EXERCISE REQUIREMENTS:
When copying the records below, keep every word as it is and drop the images.

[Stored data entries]
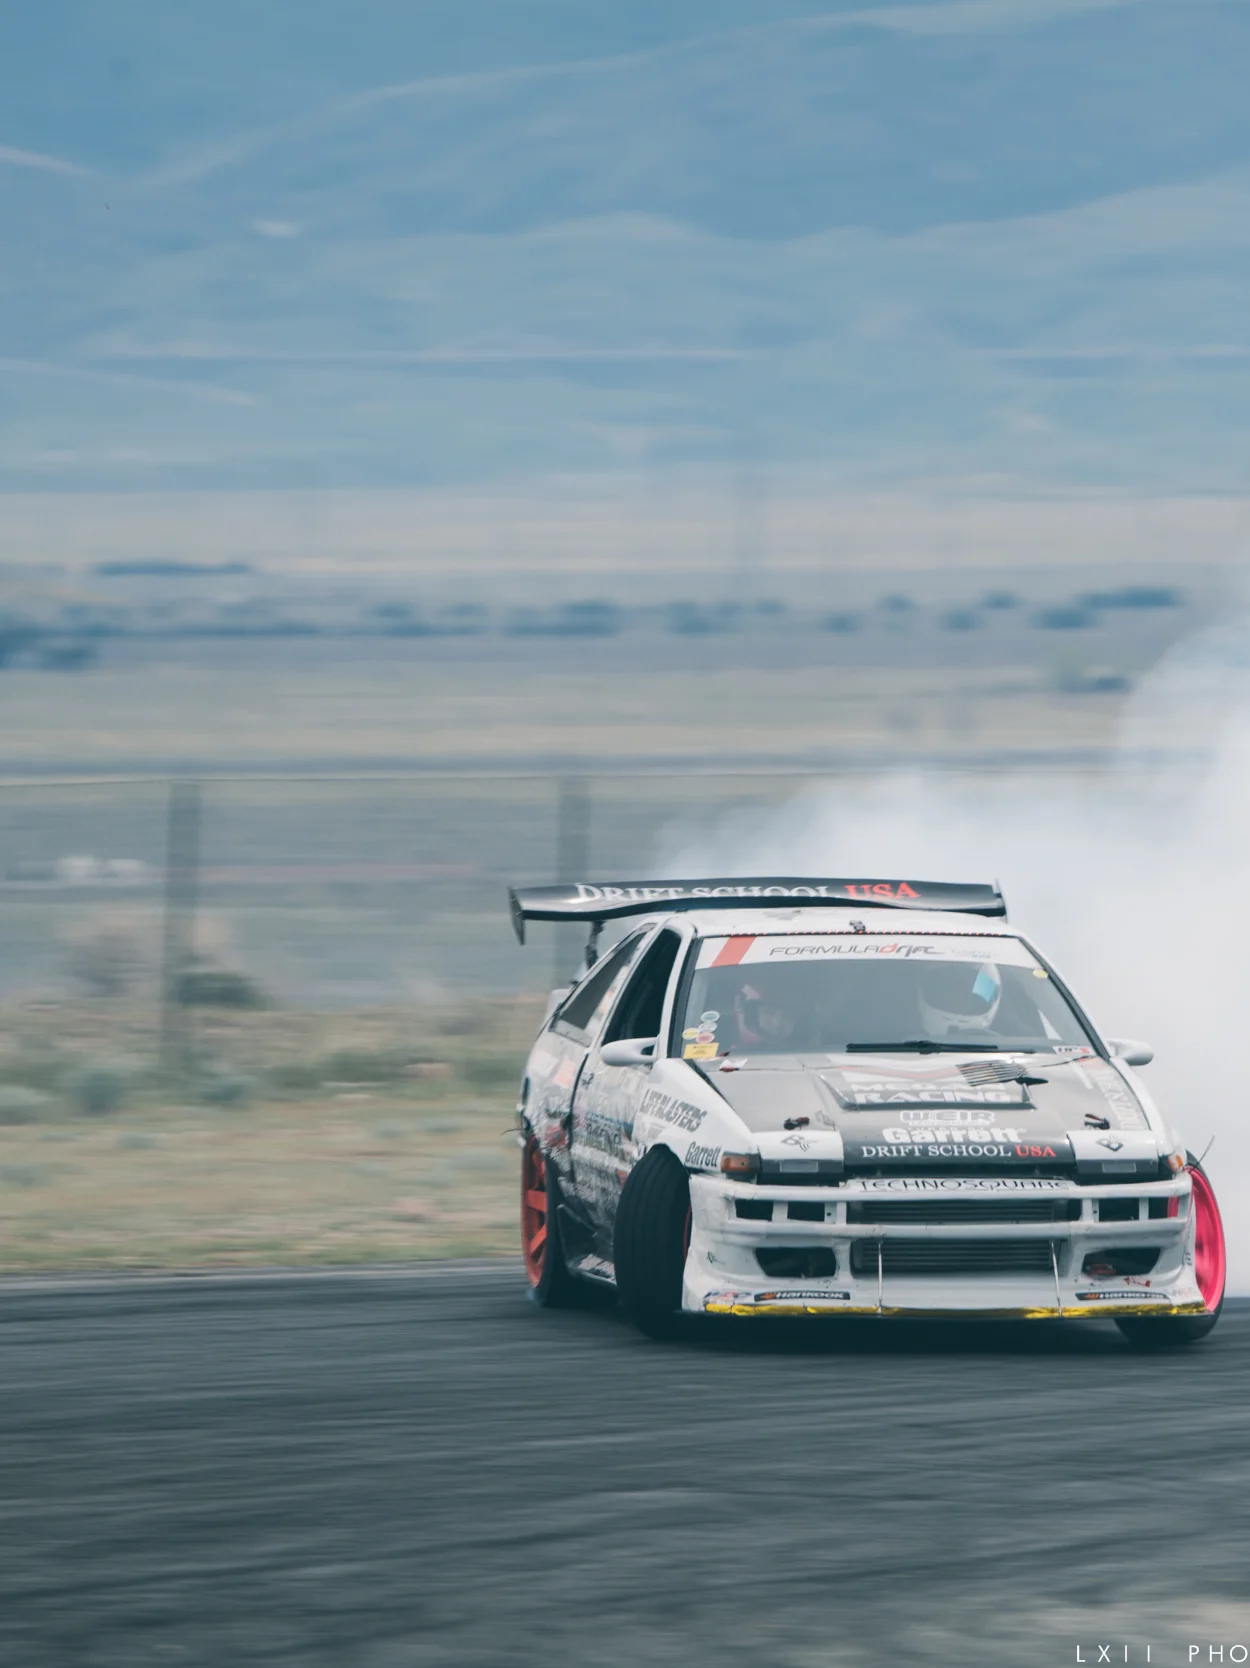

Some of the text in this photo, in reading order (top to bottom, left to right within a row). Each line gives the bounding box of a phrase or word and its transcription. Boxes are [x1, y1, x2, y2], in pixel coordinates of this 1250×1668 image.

[575, 882, 920, 902] DRIFT SCHOOL USA
[854, 1090, 1011, 1104] RACING
[882, 1127, 1022, 1143] Garrett
[685, 1141, 721, 1168] Garrett
[861, 1144, 1056, 1158] DRIFT SCHOOL USA
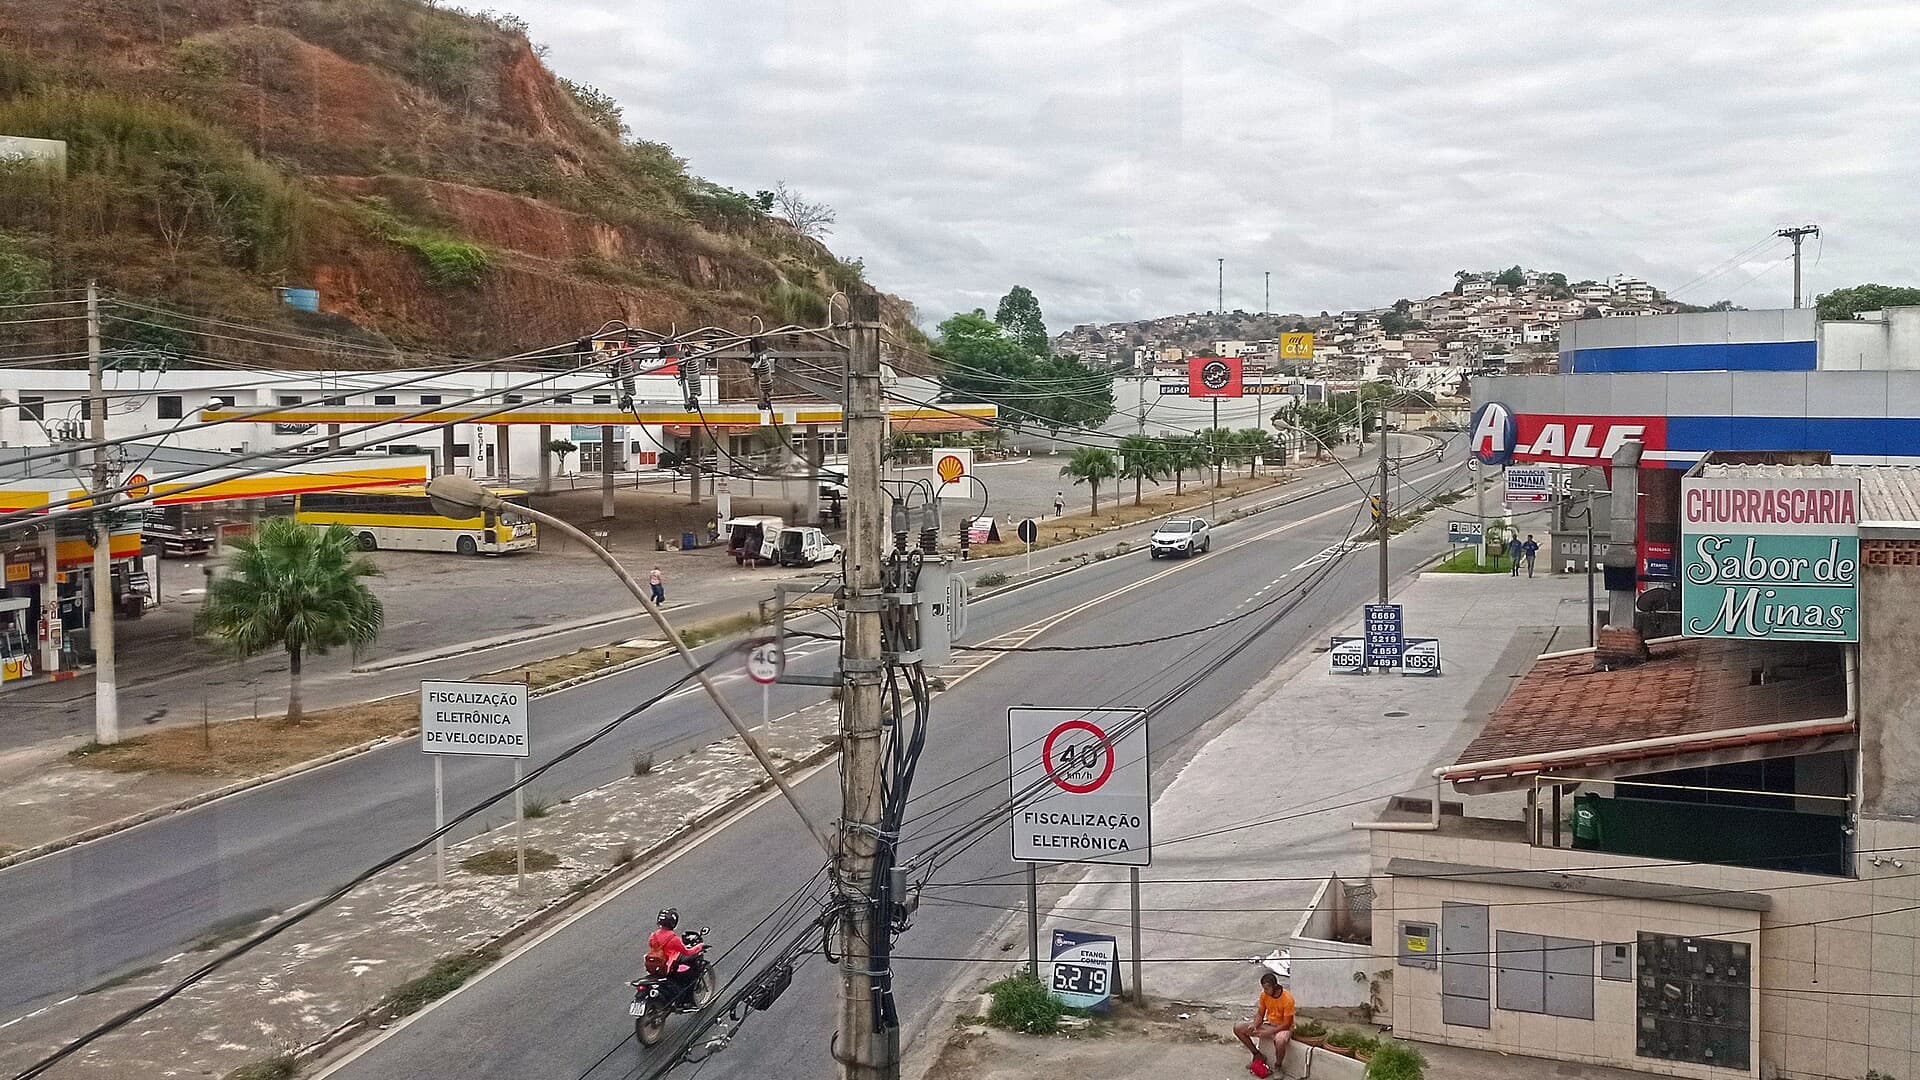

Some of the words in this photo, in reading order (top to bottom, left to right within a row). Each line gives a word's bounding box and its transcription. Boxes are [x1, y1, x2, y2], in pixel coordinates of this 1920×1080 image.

[1242, 384, 1288, 394] GOODYE
[1508, 476, 1546, 488] INDIANA
[1686, 488, 1856, 524] CHURRASCARIA
[1686, 534, 1809, 585] Sabor
[1814, 538, 1855, 582] de
[1688, 587, 1853, 637] Minas
[429, 691, 518, 707] FISCALIZAÇÃO
[436, 710, 511, 725] ELETRÔNICA
[427, 731, 443, 742] DE
[445, 732, 524, 746] VELOCIDADE
[1059, 744, 1099, 769] 40
[1066, 771, 1093, 780] km/h
[1024, 812, 1141, 830] FISCALIZAÇÃO
[1032, 833, 1130, 851] ELETRÔNICA
[1080, 950, 1108, 959] ETANOL
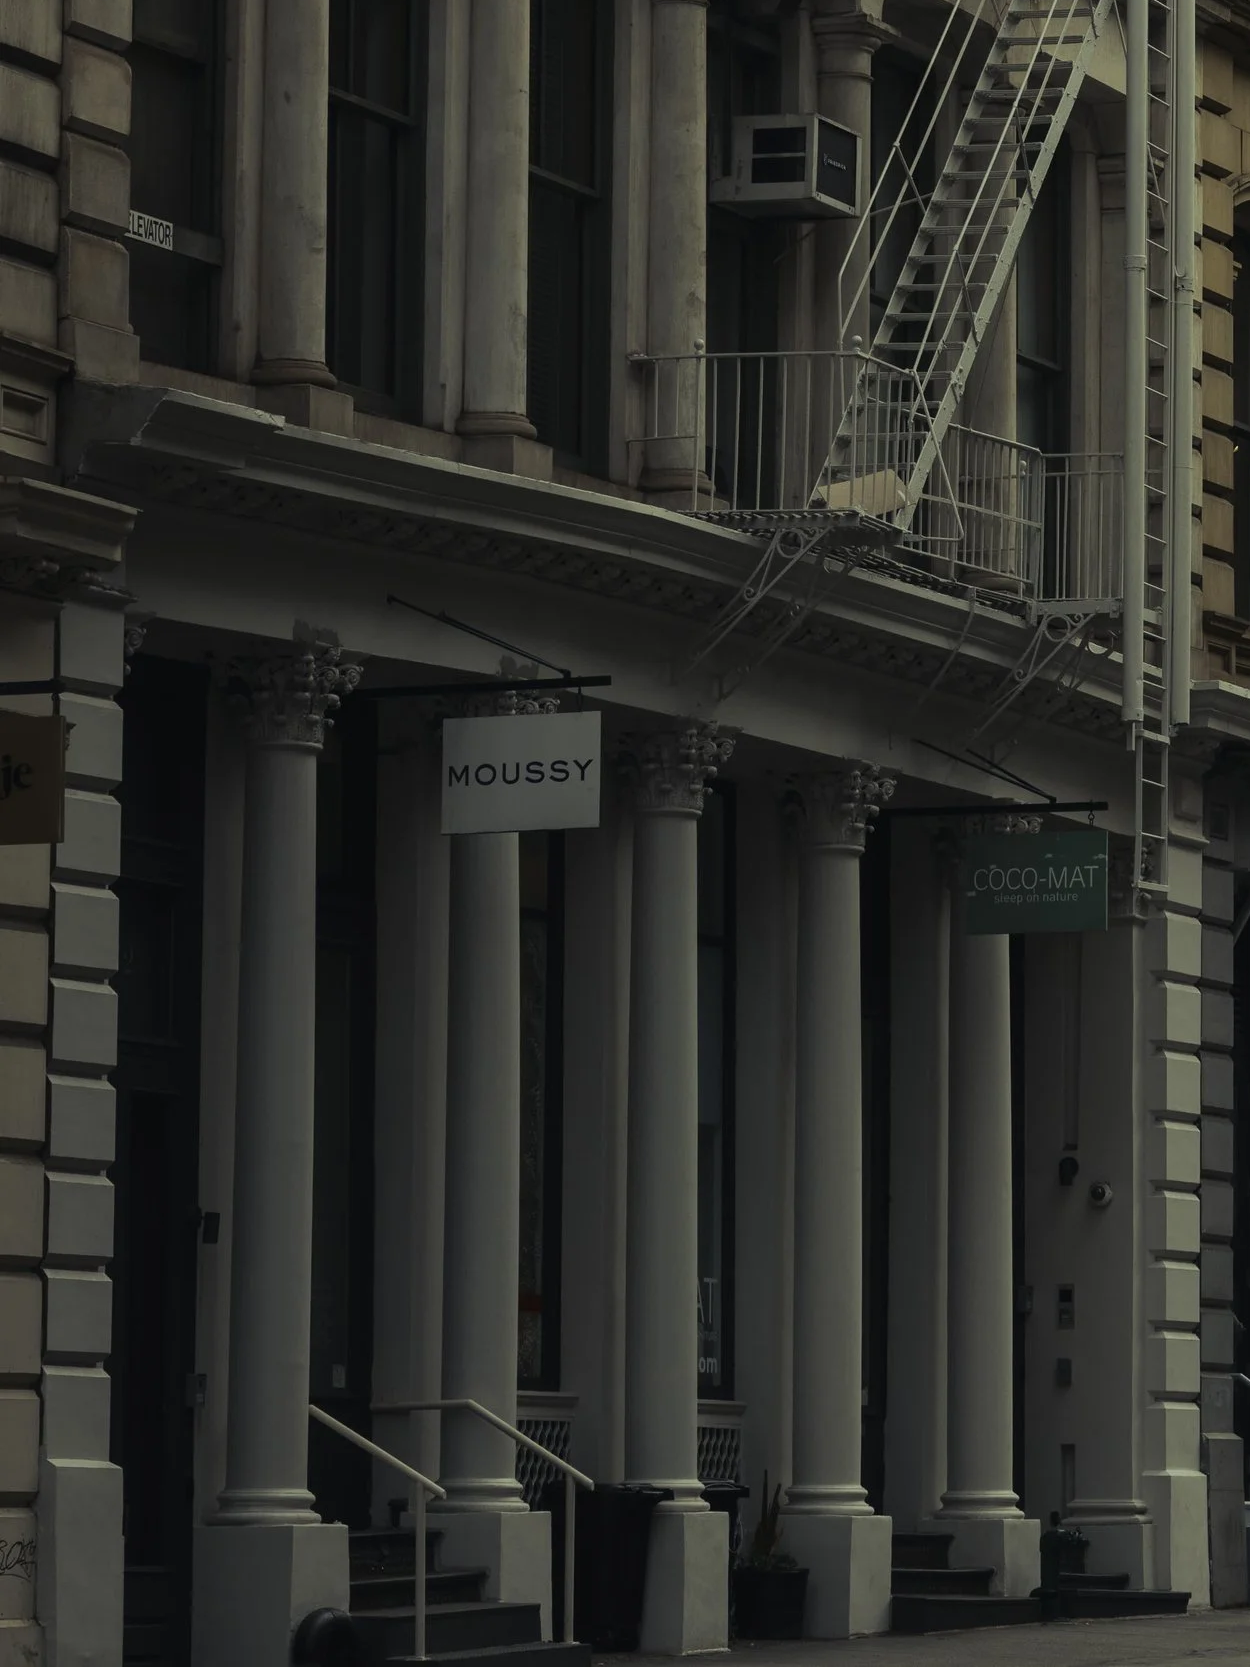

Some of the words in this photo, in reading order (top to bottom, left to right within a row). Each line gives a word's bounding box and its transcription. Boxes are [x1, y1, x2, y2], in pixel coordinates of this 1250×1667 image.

[129, 212, 171, 247] LEVATOR
[448, 759, 594, 787] MOUSSY
[974, 865, 1100, 891] COCO-MAT
[994, 892, 1024, 906] sleep
[1026, 894, 1040, 904] on
[1042, 891, 1079, 903] nature

TASK ANSWER:
Some of the text in this photo, in reading order (top to bottom, left to right within a row). Each line gives the bounding box of a phrase or word and its transcription. Boxes are [x1, y1, x2, y2], in pixel coordinates of this 1250×1668 image.

[575, 882, 920, 902] DRIFT SCHOOL USA
[854, 1090, 1011, 1104] RACING
[882, 1127, 1022, 1143] Garrett
[685, 1141, 721, 1168] Garrett
[861, 1144, 1056, 1158] DRIFT SCHOOL USA

Some of the words in this photo, in reading order (top to bottom, left to right within a row). Each line gives a word's bounding box and its transcription. Boxes are [x1, y1, x2, y2], in pixel coordinates of this 1920×1080 image.

[1242, 384, 1288, 394] GOODYE
[1508, 476, 1546, 488] INDIANA
[1686, 488, 1856, 524] CHURRASCARIA
[1686, 534, 1809, 585] Sabor
[1814, 538, 1855, 582] de
[1688, 587, 1853, 637] Minas
[429, 691, 518, 707] FISCALIZAÇÃO
[436, 710, 511, 725] ELETRÔNICA
[427, 731, 443, 742] DE
[445, 732, 524, 746] VELOCIDADE
[1059, 744, 1099, 769] 40
[1066, 771, 1093, 780] km/h
[1024, 812, 1141, 830] FISCALIZAÇÃO
[1032, 833, 1130, 851] ELETRÔNICA
[1080, 950, 1108, 959] ETANOL

Some of the words in this photo, in reading order (top to bottom, left to right within a row). Each line gives a word's bounding box and its transcription. Boxes are [x1, y1, x2, y2], in pixel coordinates of this 1250×1667 image.

[129, 212, 171, 247] LEVATOR
[448, 759, 594, 787] MOUSSY
[974, 865, 1100, 891] COCO-MAT
[994, 892, 1024, 906] sleep
[1026, 894, 1040, 904] on
[1042, 891, 1079, 903] nature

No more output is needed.